As you type the password you will not see anything displayed, so type carefully and hit return.

    >> hostname='localhost'
    >> cb_type = 'Accumulo'
    >> instance_name='Accumulo'
    >> DB = DBserver(hostname,cb_type,instance_name);

      Enter a username:
          JoeUser <return>
      Enter a password.
              <return>

10.2 Create a table or get an existing table in Accumulo
  D4M has 2 flavors of database table objects - DBtable and DBtablePair.
With these table objects, you have access to the data.
Once you have the DBserver object, you can create a single table or get an existing table
by instantiating a DBtable object by passing a name of the table to the DBserver object.

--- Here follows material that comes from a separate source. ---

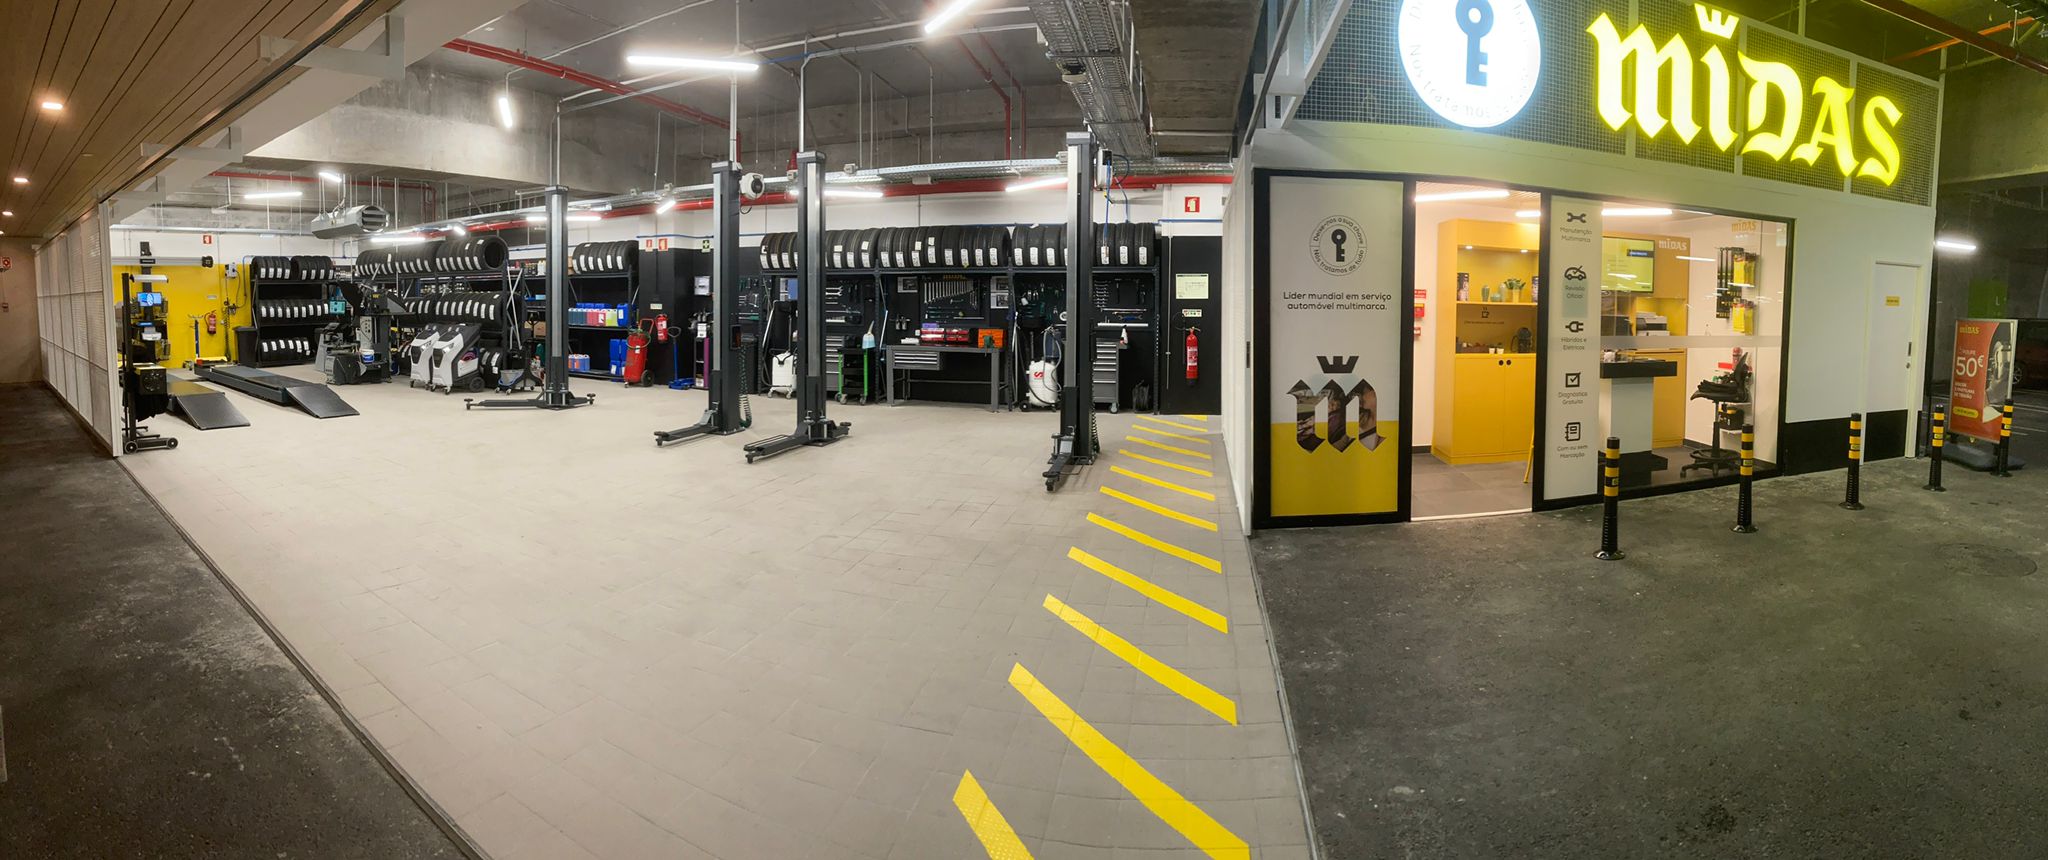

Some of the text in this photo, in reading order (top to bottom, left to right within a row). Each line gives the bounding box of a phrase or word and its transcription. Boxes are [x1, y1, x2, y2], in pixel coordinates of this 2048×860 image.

  >> T = DB('MyTableName');

To create DBtablePair object,

  >> TT = DB('MyTable','MyTableTranspose');

10.3 Querying for data
  You can query for data via  the DBtable or DBtablePair.
The syntax is

  >> A =  T(row_key,column_key)

The results from the query are contained in an associative array object Assoc.

  >> A = T(:,:)

This query will give you back all the data from T in a Assoc object.

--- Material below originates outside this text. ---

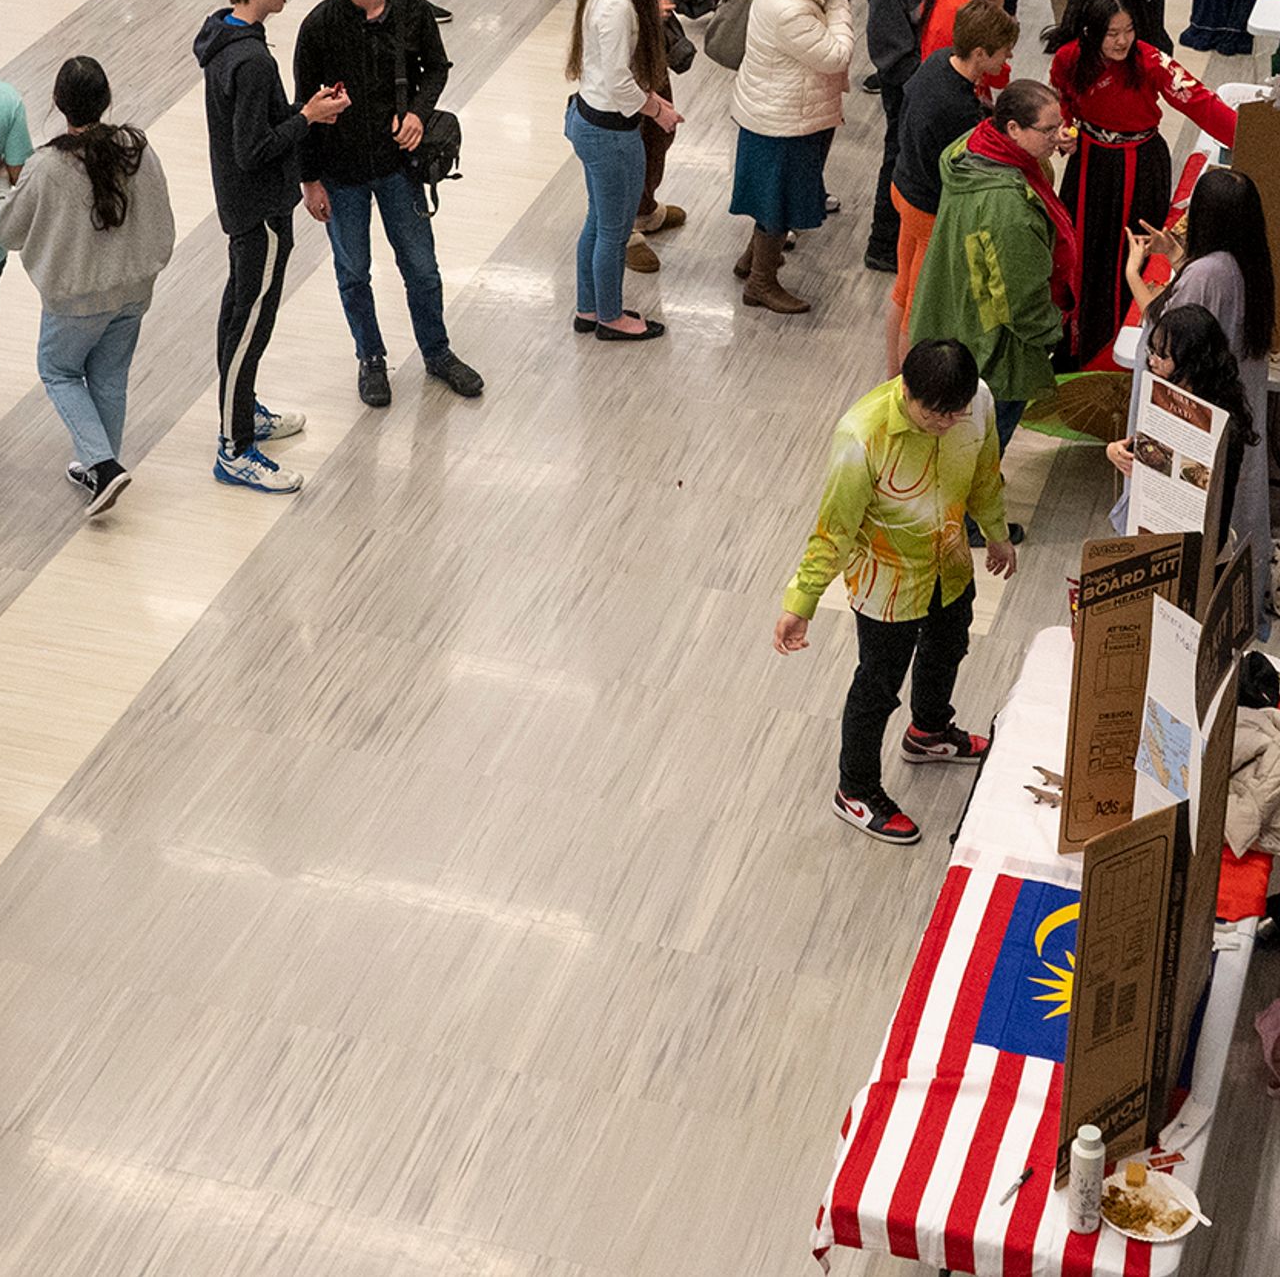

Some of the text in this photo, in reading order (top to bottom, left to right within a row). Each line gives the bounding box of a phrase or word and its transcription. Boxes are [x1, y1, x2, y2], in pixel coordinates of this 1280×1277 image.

The row_key and column_key have a particular format to follow:

 ":"  colon indicate all results.

 'cat,fat,hat,'  queries for cat, fat, and hat
  Note, the ending comma is a necessary delimiter to include in the query string.

 'cat,:,pat,' will query for a range, from cat through pat


10.4 Examples:

  This will search the rows for cat, hat , and sat and any columns.

  >> A = T('cat,hat,sat,',:)

  This query will give me back the range between cat and sat, and all columns.

  >> A= T('cat,:,sat,', :);

  This query will give me back all rows with columns of 'cat', 'fat', and 'what'.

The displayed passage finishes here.